Démission collective de médecins : Agnès Buzyn recevra le collectif en fin de semaine
01:29

« S’ils m’avaient demandé si je cosignais la tribune, j’aurais cosigné »

Au Sénat, les médecins reçoivent le soutien d’Alain Milon, président LR de la commission des affaires sociales. « S’ils m’avaient demandé si je cosignais la tribune, j’aurais cosigné » réagit auprès de publicsenat.fr le sénateur du Vaucluse. « Les mesures proposées ne sont pas à la hauteur du problème. L’hôpital souffre depuis plusieurs années, antérieurement à l’équipe Macron, de budgets qui ne sont pas à la hauteur des besoins. Et ce qu’on leur propose ne correspond en rien aux besoins réels des hôpitaux. Il n’y a pas une vraie prise de conscience du sujet » selon le sénateur LR, médecin de profession.

Alain Milon souligne que « le plan prévoit 1,5 milliard d’euros sur 3 ans, alors qu’on demande aux hôpitaux de faire un effort de 800 millions d’euros par an en même temps (dans le budget de la Sécu, ndlr), soit 2,4 milliards d’euros sur 3 ans. Le compte n’y est pas ».

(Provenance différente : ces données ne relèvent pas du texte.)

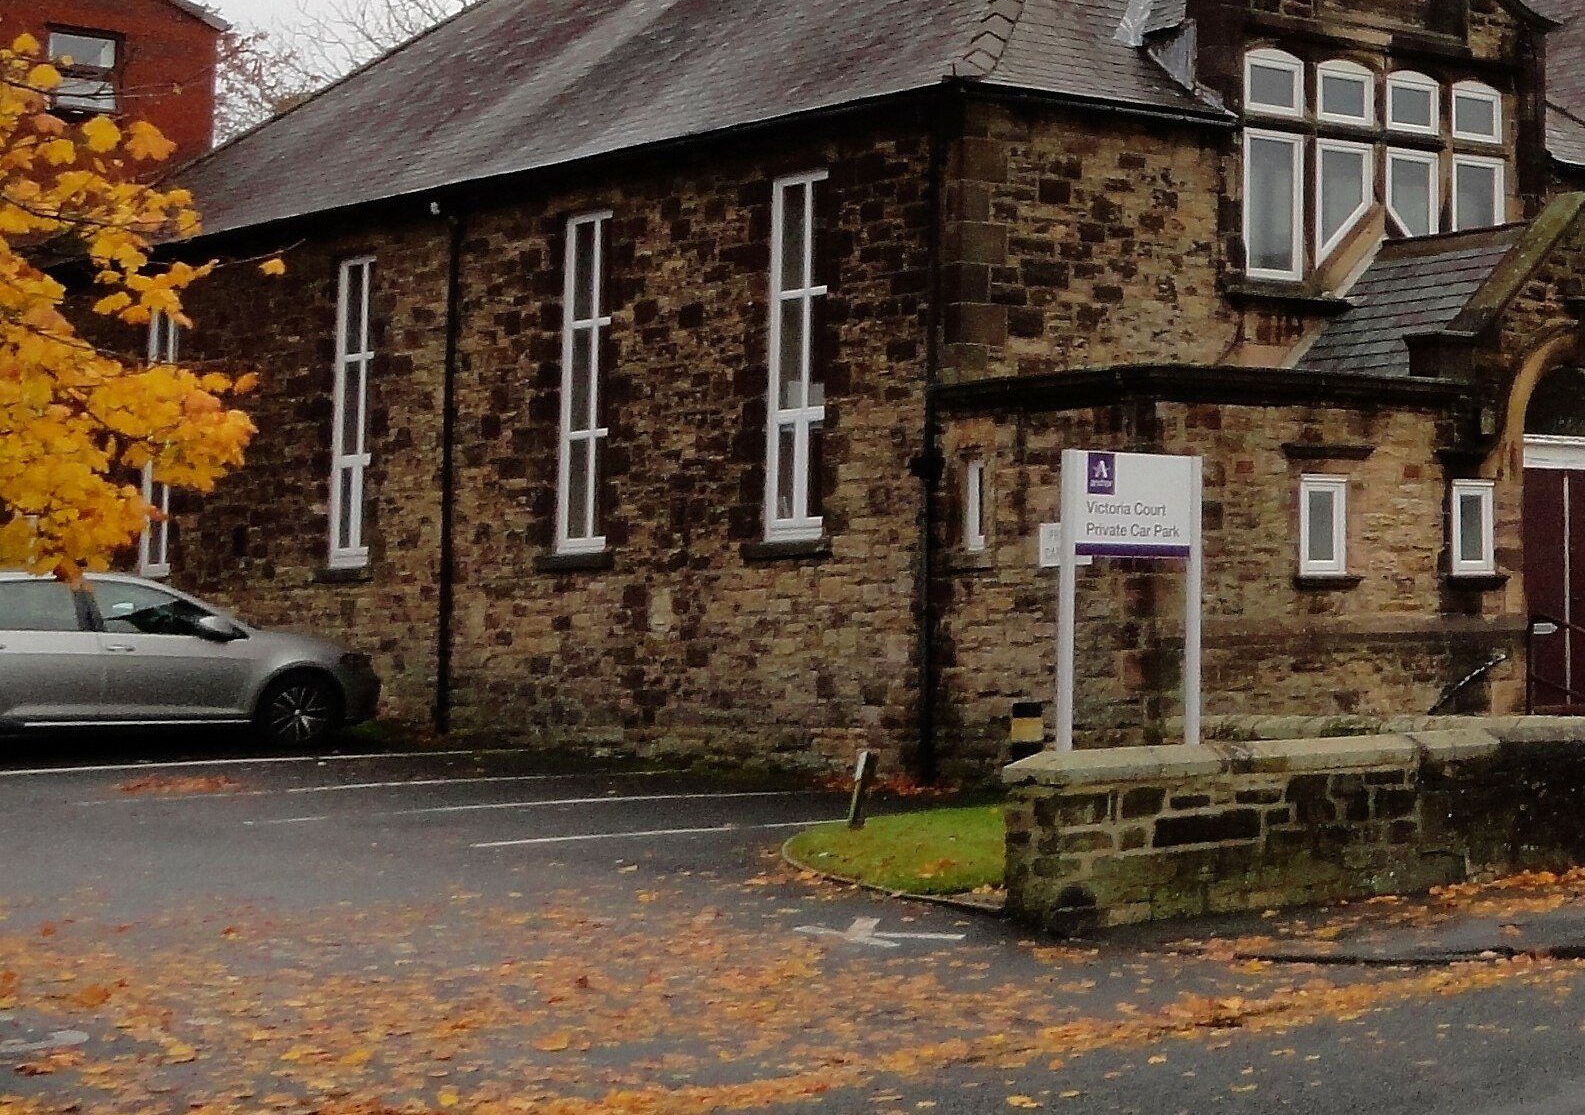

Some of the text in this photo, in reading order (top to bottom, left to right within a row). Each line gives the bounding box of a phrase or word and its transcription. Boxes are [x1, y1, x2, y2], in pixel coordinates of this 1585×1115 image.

[1086, 501, 1167, 516] Victoria Court
[1086, 522, 1180, 538] Private Car Park

« Ce n’est pas très nouveau »

Jean-Marie Vanlerenberghe, rapporteur général du budget de la Sécurité sociale, est lui plus mesuré et reste prudent. « Il s’agit de quelques médecins hospitaliers. Vous avez Marseille et Paris, si vous regardez bien » souligne le sénateur Modem du Pas-de-Calais. « Ils veulent protester contre le manque de moyens, ce n’est pas très nouveau. C’est variable, vous avez des services d’urgence qui marchent bien, d’autres pas. Il faut peut-être s’interroger sur la qualité du fonctionnement de l’hôpital, globalement » note le rapporteur de la commission des affaires sociales.

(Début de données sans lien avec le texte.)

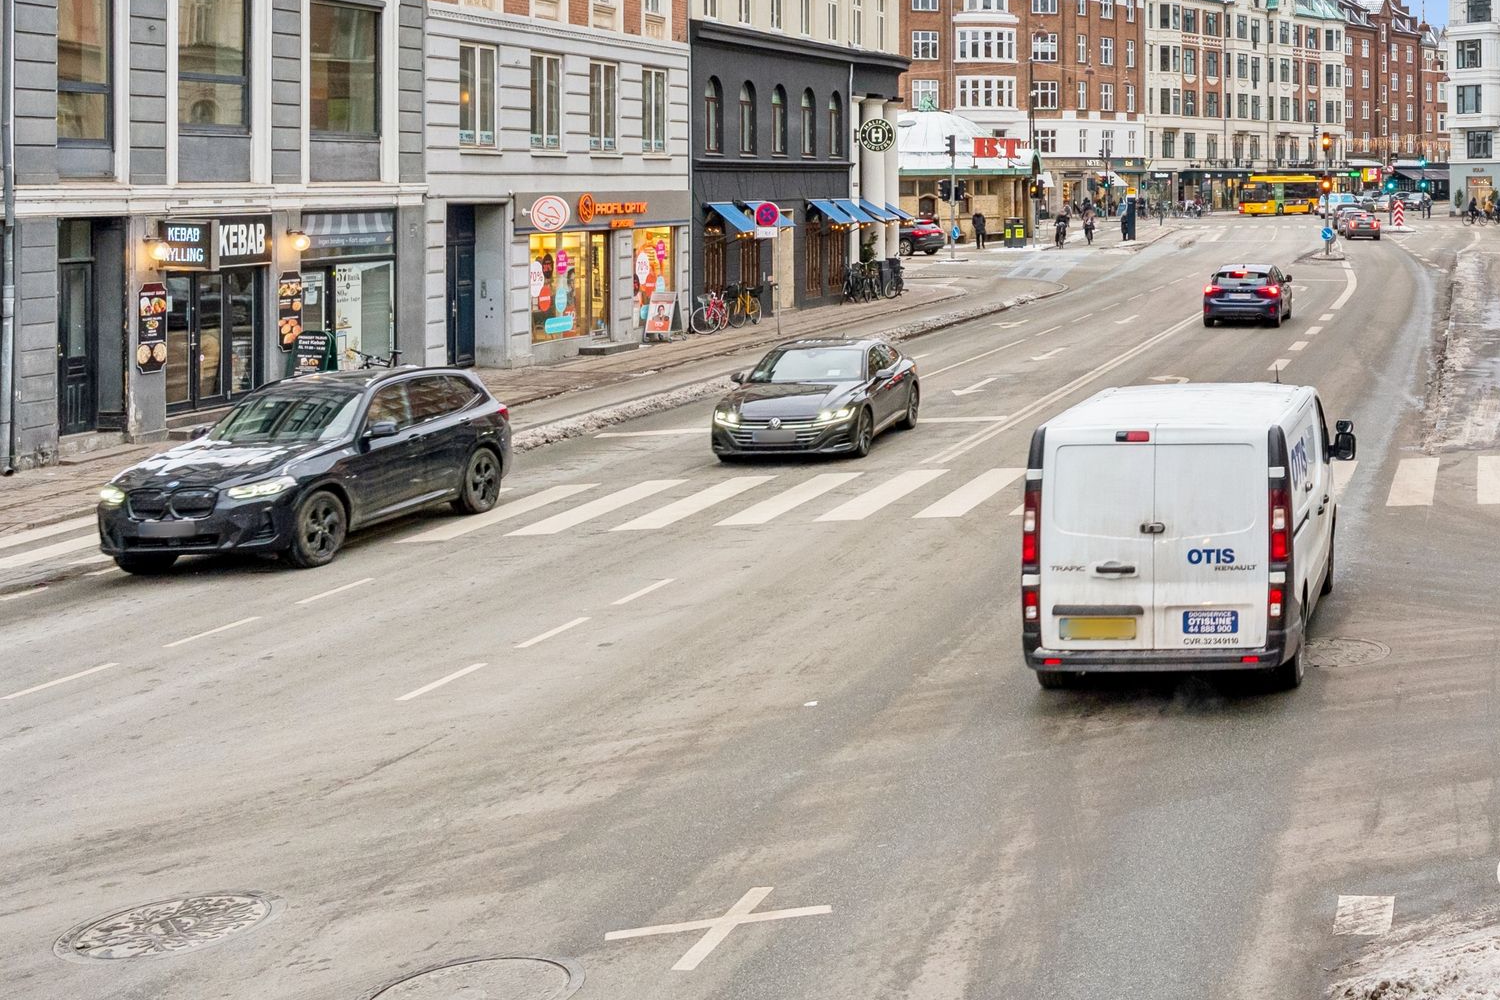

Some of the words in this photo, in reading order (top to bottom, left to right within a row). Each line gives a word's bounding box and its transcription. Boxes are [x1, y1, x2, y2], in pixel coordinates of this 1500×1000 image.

[864, 118, 891, 130] HALIFAX
[871, 128, 883, 143] H
[863, 139, 891, 151] BURGERS
[168, 227, 200, 242] KEBAB
[219, 223, 266, 257] KEBAB
[1291, 436, 1307, 491] OTIS
[1187, 548, 1235, 565] OTIS
[1188, 625, 1199, 633] 44
[1217, 625, 1232, 633] 900

« Il aurait fallu mettre plus de moyens » ajoute cependant Jean-Marie Vanlerenberghe, qui « pense que si on avait compensé intégralement les heures supplémentaires à la Sécu, ça donnait un milliard et quelques. Cela permettait de donner tout de suite ce milliard à l’hôpital, au lieu de le fractionner sur trois ans ».